■ **Task details**:
Return, exactly as written, all lines from the line containing "this 2048×1365 image." to the end of the entries below, with both ends included.

··········

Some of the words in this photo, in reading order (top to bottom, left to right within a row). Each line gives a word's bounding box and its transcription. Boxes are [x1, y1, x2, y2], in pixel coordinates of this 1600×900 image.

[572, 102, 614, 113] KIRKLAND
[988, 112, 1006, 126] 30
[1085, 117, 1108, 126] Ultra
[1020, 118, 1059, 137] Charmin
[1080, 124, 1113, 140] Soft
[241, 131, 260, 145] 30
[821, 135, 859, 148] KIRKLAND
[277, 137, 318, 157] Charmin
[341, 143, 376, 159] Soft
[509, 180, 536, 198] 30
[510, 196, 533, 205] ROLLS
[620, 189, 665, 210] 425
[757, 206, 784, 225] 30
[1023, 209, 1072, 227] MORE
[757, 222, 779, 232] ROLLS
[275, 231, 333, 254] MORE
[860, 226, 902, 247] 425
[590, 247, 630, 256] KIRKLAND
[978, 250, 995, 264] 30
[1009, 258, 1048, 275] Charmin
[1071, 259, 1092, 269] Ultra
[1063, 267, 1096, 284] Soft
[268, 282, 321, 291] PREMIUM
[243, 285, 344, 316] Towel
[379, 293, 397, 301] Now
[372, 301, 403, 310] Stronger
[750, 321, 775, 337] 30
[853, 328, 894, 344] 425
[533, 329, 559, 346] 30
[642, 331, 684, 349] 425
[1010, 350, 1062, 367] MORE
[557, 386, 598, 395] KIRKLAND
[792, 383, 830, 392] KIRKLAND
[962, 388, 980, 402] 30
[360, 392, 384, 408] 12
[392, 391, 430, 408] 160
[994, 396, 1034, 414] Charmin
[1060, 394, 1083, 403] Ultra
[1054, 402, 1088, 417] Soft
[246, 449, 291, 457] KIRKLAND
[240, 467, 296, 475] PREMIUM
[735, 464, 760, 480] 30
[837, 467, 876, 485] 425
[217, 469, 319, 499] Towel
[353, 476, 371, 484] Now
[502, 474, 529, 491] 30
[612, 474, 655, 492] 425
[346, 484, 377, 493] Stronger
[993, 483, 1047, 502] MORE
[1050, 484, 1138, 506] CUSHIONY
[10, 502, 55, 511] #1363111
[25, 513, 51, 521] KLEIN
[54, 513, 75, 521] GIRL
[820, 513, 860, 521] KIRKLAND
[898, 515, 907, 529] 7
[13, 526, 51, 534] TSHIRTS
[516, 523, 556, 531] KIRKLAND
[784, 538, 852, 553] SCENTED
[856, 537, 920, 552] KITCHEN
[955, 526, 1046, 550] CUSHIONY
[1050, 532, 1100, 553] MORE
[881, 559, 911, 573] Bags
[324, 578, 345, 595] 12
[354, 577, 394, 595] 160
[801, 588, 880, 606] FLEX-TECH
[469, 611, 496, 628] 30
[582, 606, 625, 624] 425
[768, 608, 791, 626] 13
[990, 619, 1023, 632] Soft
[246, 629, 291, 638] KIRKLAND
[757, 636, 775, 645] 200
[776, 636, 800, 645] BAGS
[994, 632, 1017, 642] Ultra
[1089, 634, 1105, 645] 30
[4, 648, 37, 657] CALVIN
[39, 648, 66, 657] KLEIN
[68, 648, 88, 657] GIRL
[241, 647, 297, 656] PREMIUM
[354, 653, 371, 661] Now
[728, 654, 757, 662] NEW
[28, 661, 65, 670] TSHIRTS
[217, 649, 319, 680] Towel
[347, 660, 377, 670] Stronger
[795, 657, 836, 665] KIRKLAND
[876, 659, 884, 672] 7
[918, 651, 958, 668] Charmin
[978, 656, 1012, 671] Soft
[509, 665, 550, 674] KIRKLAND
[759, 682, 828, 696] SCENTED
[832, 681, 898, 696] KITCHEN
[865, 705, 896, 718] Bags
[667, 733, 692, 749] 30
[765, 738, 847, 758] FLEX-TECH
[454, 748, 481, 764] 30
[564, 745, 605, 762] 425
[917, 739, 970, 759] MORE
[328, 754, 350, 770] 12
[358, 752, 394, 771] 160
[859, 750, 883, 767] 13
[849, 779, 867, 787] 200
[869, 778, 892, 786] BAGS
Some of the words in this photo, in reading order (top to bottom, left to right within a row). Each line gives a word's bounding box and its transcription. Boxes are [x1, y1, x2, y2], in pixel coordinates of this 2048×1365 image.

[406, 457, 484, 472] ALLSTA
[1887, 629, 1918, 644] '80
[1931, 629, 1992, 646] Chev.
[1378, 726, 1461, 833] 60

··········

■ **Reply to the exercise**:
Some of the words in this photo, in reading order (top to bottom, left to right within a row). Each line gives a word's bounding box and its transcription. Boxes are [x1, y1, x2, y2], in pixel coordinates of this 2048×1365 image.

[406, 457, 484, 472] ALLSTA
[1887, 629, 1918, 644] '80
[1931, 629, 1992, 646] Chev.
[1378, 726, 1461, 833] 60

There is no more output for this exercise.